Watching Tom Cruise go insane is always welcomed, too.
*To read my full review of Tropic Thunder, please click here.
#6: Sullivan’s Travels (1941)
Sullivan’s Travels is taught in many film courses, and rightfully so. Showing a director’s desire to learn what it means to struggle, Joel Sullivan (Joel McCrea) goes on a journey of discovery while meeting an entirely new group of people. Through its often funny exterior, Sullivan’s Travels offers a different look into the artistic voice and self-discovery that remains entertaining and thought-provoking to this very day.
As a side note, the film is also a great companion piece to O Brother, Where Art Thou?.
#5: Boogie Nights (1997)
The movie that shot Paul Thomas Anderson and Mark Wahlberg into stardom, Boogie Nights is definitely one of the more risqué movies on the list. Set during the boom of the porn industry in the 1970’s, Boogie Nights is the definition of excess, and Paul Thomas Anderson knows exactly how weave this plot around its ever-memorable characters, most notably Dirk Diggler.
Although he was in his late 20’s during the filming of Boogie Nights, PTA already had a strong grasp for character, handling a dynamite cast in what became one of the more memorable films of the 1990’s.
#4: 8 1/2 (1963)
Who would have thought that watching a director’s life slowly unravel would be so funny?
8 1/2 manages to strike the balance between comedy and serious romantic drama with ease, showing the inner psyche of Guido as he handles pre-production of a film that seems to have no cohesion or reason. However, 8 1/2 is still unbelievably funny as we get to see extended, heightened looks into Guido’s thought process and the mental gymnastics that he performs in his life. Everything in 8 1/2 is in service to the character — a trait that more movies should utilize.
#3: Inglourious Basterds (2009)
As Lt.

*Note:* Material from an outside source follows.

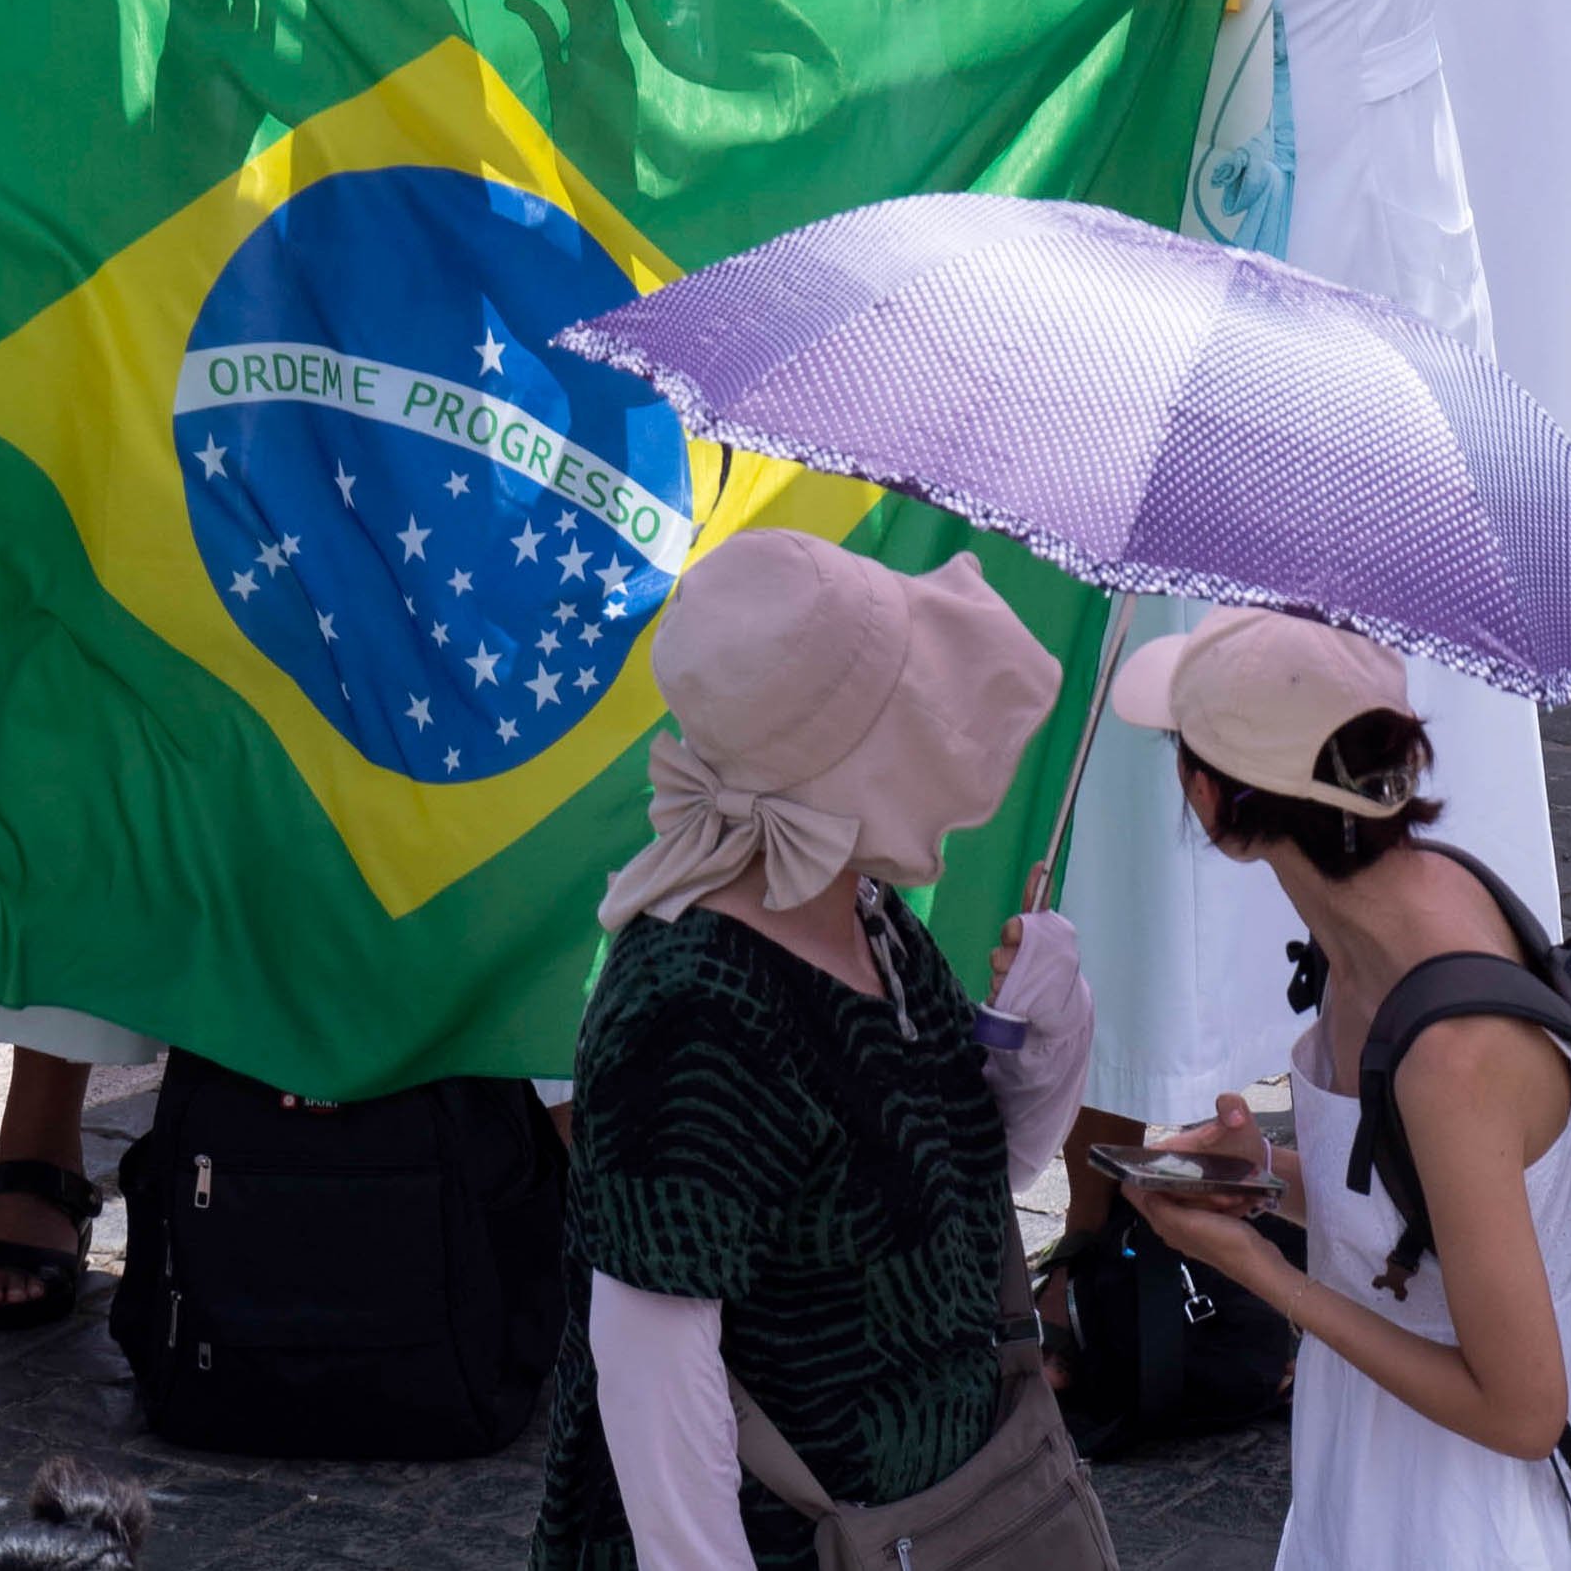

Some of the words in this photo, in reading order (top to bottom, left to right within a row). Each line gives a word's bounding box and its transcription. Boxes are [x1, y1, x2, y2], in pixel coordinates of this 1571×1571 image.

Aldo Raine is running through the countryside looking for Nazi scalps, Shosanna Dreyfus is looking to use the creation of another Nazi pride film against the most prominent figures in the Third Reich.
This movie has it all. From comedy, to action, to tension, Inglourious Basterds is another thrill-ride from Quentin Tarantino that bends the genre in a completely new and entertaining way. It’ll never be seen as a historic film, but it doesn’t need that distinction. With powerful performances across the board, Inglourious Basterds contends for the top spot in Tarantino’s canon.
#2: Ed Wood (1994)
“The next one will be better!”
Like The Disaster Artist, Tim Burton’s Ed Wood shows the perilous production of films that are considered some the worst in existence.

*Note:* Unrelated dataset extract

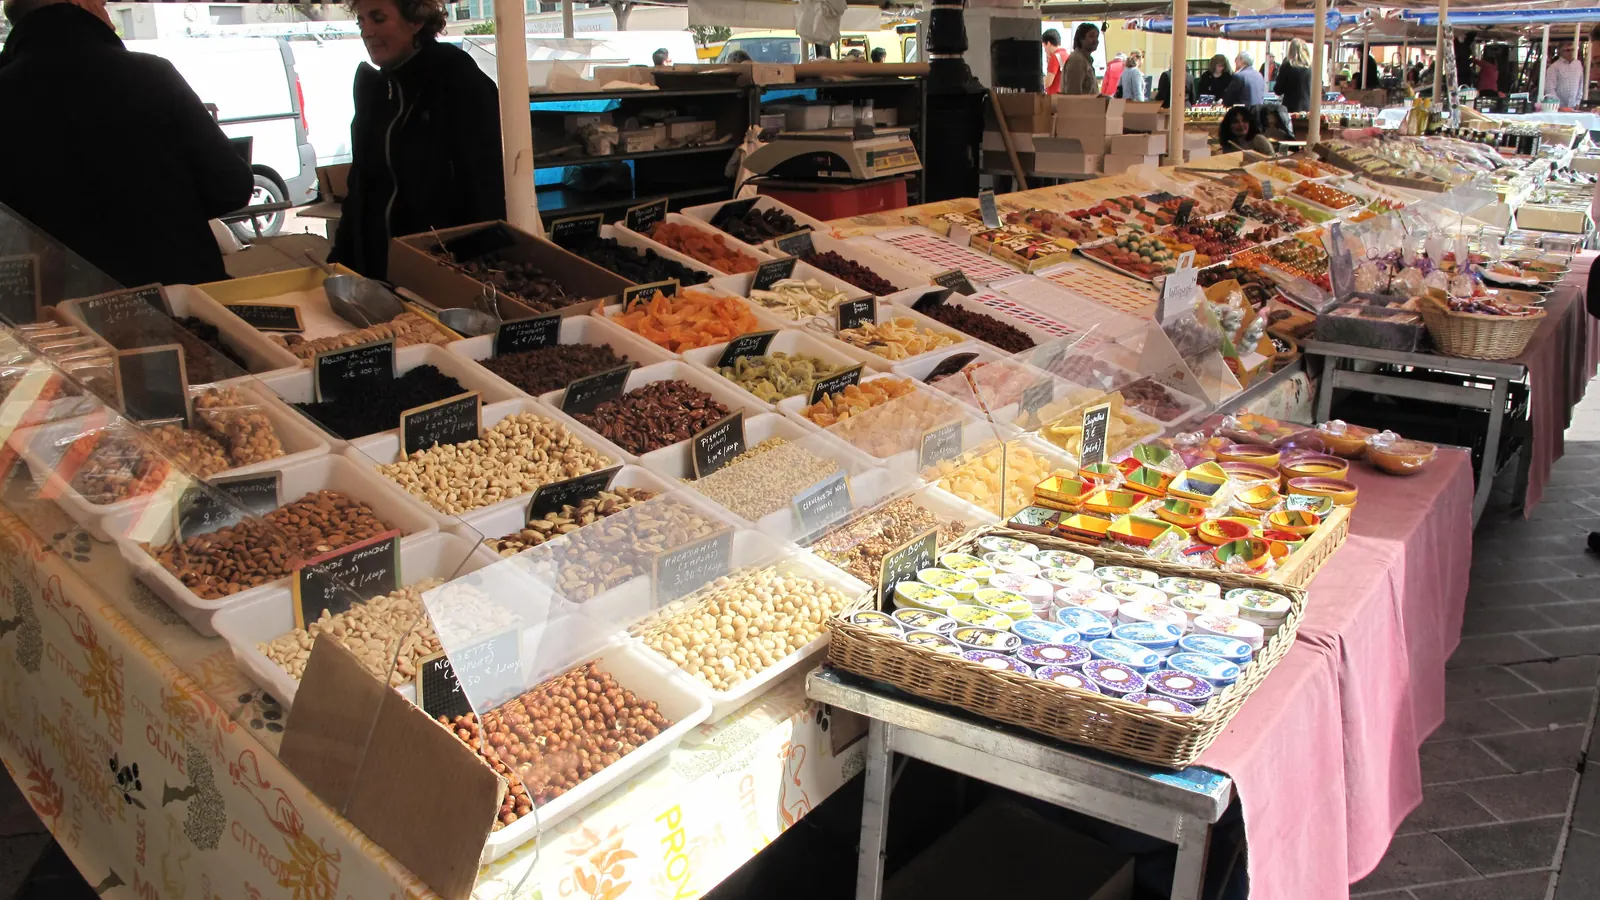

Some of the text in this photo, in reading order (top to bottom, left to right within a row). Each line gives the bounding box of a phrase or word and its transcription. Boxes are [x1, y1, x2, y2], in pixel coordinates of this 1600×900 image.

[664, 540, 718, 567] MACADAMIA
[888, 538, 926, 569] BON BON
[145, 723, 186, 776] OLIVE

Ed Wood is another film that isn’t necessarily historical accurate, but it replaces facts with a sense of whimsy and old-timey charm that makes every single character stand out. Obvious standouts from the cast include Johnny Depp and Martin Landau. However, each character is particular enough to become memorable. In fact, Bill Murray may perform the best line delivery of his career as his character gets baptized to fund another movie.
There’s a charm to Ed Wood that Tim Burton and Johnny Depp were never quite able to replicate again in their consistent team-ups.
#1: Singin’ in the Rain (1952)
Singin’ in the Rain isn’t just one the best movies about making movies, it’s one of the best movies of all-time.
Using Gene Kelly’s lovable personality and incredible dancing abilities, Singin’ in the Rain is charming with every frame. As Hollywood transitions from the silent era to talking pictures, the movie itself messes with the idea of sound underneath its already enjoyable storyline. In fact, you won’t even notice that the film is playing tricks on you.
Sometimes, film captures a feeling that is truly remarkable. Singin’ in the Rain contains a sense of pure joy that has never been replicated.